Collected data entries
+---+
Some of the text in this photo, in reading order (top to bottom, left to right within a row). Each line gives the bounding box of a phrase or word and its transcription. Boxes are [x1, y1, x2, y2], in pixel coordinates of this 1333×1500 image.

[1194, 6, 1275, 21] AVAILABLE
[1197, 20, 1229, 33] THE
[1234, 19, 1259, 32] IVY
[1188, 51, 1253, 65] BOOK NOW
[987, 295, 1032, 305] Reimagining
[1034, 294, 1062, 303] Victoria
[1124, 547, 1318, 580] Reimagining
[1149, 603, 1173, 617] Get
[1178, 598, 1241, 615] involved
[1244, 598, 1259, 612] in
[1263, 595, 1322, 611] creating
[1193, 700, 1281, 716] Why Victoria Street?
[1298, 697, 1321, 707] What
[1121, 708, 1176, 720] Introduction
+---+
- _Instructions for the task_:
The records above are to be duplicated exactly, every one of them.

- _Task output_:
Some of the text in this photo, in reading order (top to bottom, left to right within a row). Each line gives the bounding box of a phrase or word and its transcription. Boxes are [x1, y1, x2, y2], in pixel coordinates of this 1333×1500 image.

[1194, 6, 1275, 21] AVAILABLE
[1197, 20, 1229, 33] THE
[1234, 19, 1259, 32] IVY
[1188, 51, 1253, 65] BOOK NOW
[987, 295, 1032, 305] Reimagining
[1034, 294, 1062, 303] Victoria
[1124, 547, 1318, 580] Reimagining
[1149, 603, 1173, 617] Get
[1178, 598, 1241, 615] involved
[1244, 598, 1259, 612] in
[1263, 595, 1322, 611] creating
[1193, 700, 1281, 716] Why Victoria Street?
[1298, 697, 1321, 707] What
[1121, 708, 1176, 720] Introduction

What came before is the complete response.